Interfacial design of polysulfone/Cu-BTC membrane using [Bmim][Tf2N] and [Dmim][Cl] RTILs for CO2 separation: Performance assessment for single and mixed gas separation

Abstract

An upsurge in searching membranes with improved perm-selectivity and long-term stability is crucial in membrane-based gas separation. Herein, we engineered the interfacial characteristics of Cu-BTC MOFs with the polysulfone (PSf) matrix using ionic liquids (ILs) at the polymer-filler interface. Two different ILs, [Bmim][Tf2N] and [Dmim][Cl], were used to prepare composite PSf/Cu-BTC/[Bmim][Tf2N] and PSf/Cu-BTC/[Dmim][Cl] membranes. The membranes micro and chemical structures were characterized using XRD, FESEM, and XPS techniques. Results indicated that the multifunctional properties of ILs and Cu-BTC particles influenced the membrane formation mechanism. The uniform dispersion of Cu-BTC filler particles with the inclusion of [Bmim][Tf2N] and [Dmim][Cl] ILs on the membrane surface was evident from the morphological studies. The absence of a leaky interface by the ILs integration in the PSf/Cu-BTC/[Bmim][Tf2N] and PSf/Cu-BTC/[Dmim][Cl] membranes results in a pronounced increase in selectivities. For instance, PSf/Cu-BTC/[Dmim][Cl] membranes, the CO2 permeance was noticed to be 29.35 ± 0.35 GPU, and their corresponding gas pair selectivities were noted to be significantly higher than the neat and PSf/Cu-BTC membranes.
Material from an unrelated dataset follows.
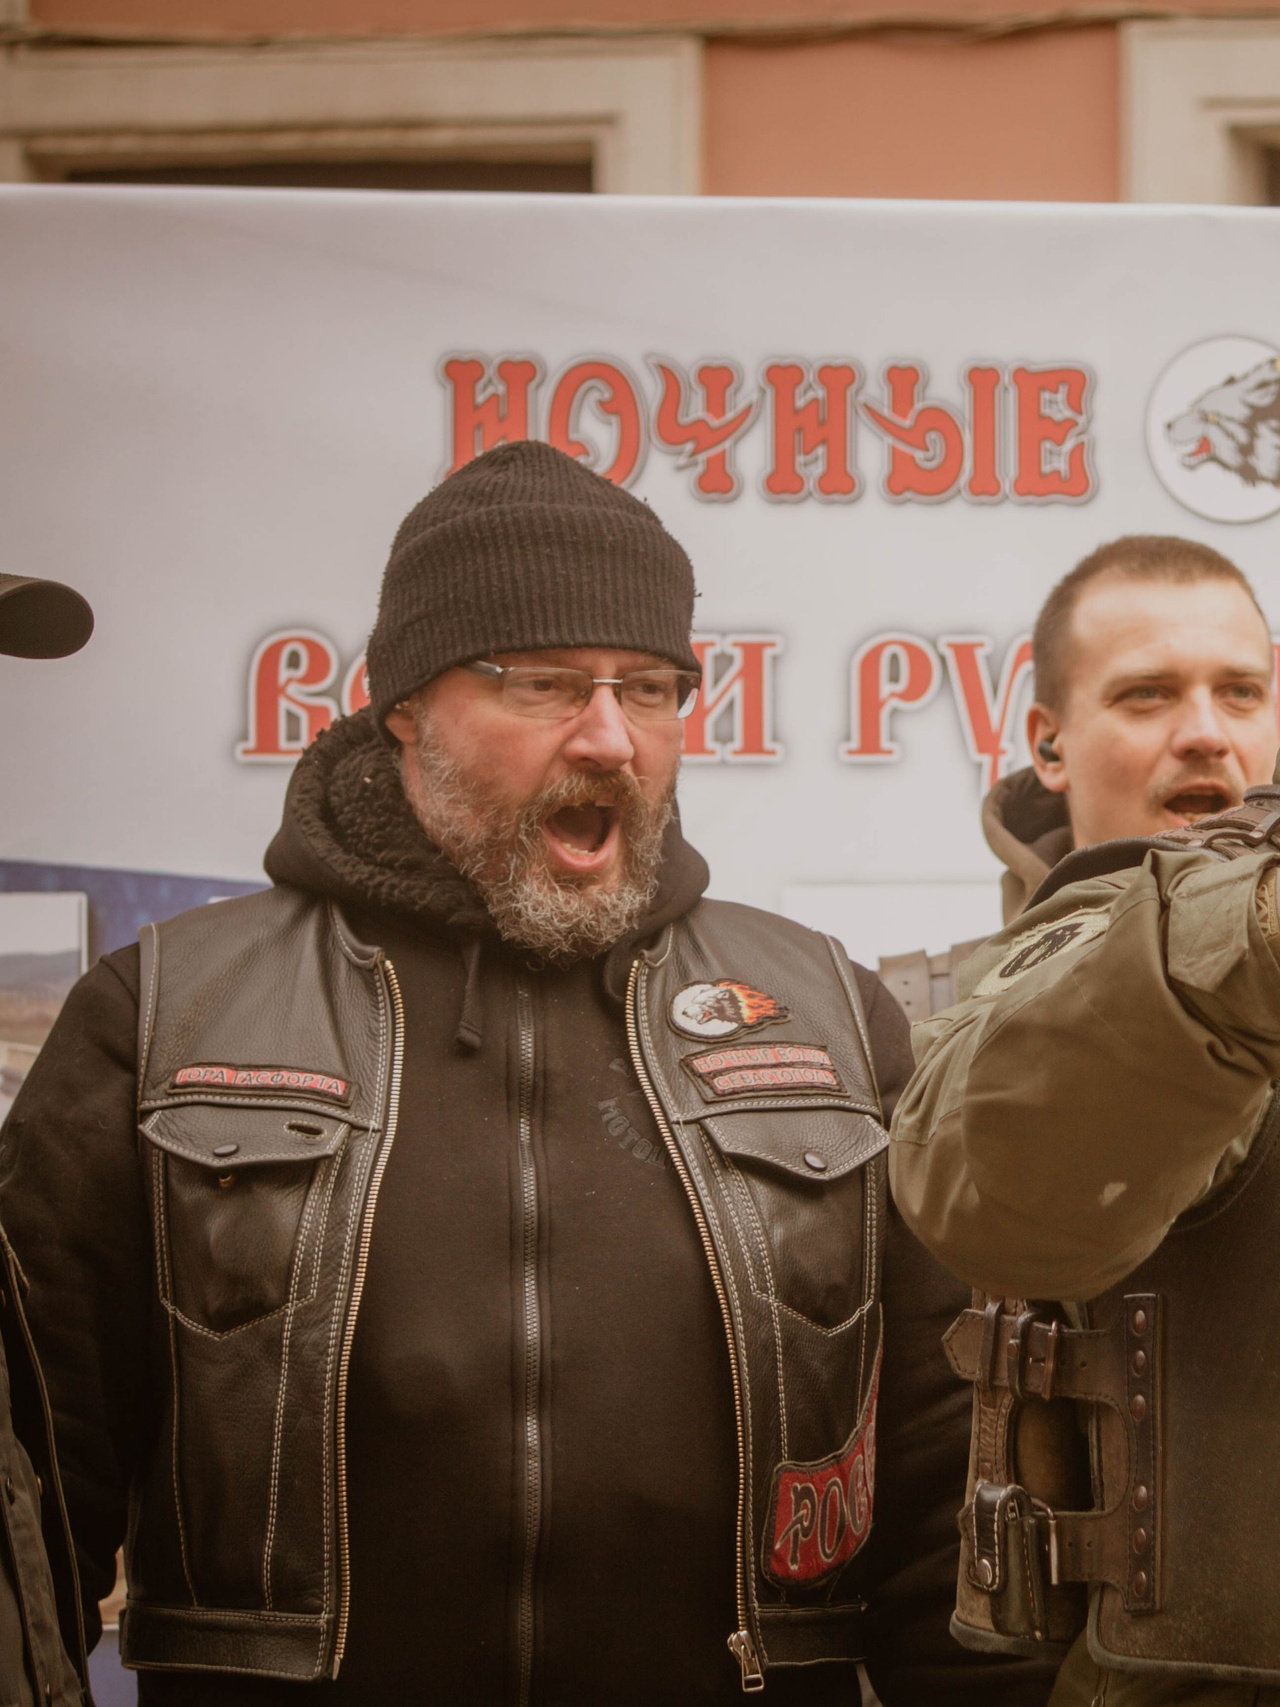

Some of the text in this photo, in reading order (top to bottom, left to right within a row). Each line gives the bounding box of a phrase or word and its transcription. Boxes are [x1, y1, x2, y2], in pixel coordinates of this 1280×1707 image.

Similarly, in PSf/Cu-BTC/[Bmim][Tf2N] membrane exhibited optimum CO2 permeance of 30.44 ± 0.49 GPU with the CO2/N2 and CO2/CH4 selectivities of 61 and 59.70%, respectively, higher than neat PSf membrane. Furthermore, these membranes showed better anti-aging resistance and long-term stability than the neat PSf membranes. The merits of a simultaneous increase in permeance and selectivities and the good stability and scalable properties make the proposed PSf/Cu-BTC/IL membranes of great interest for the industrial CO2 separation from the gas exhausts.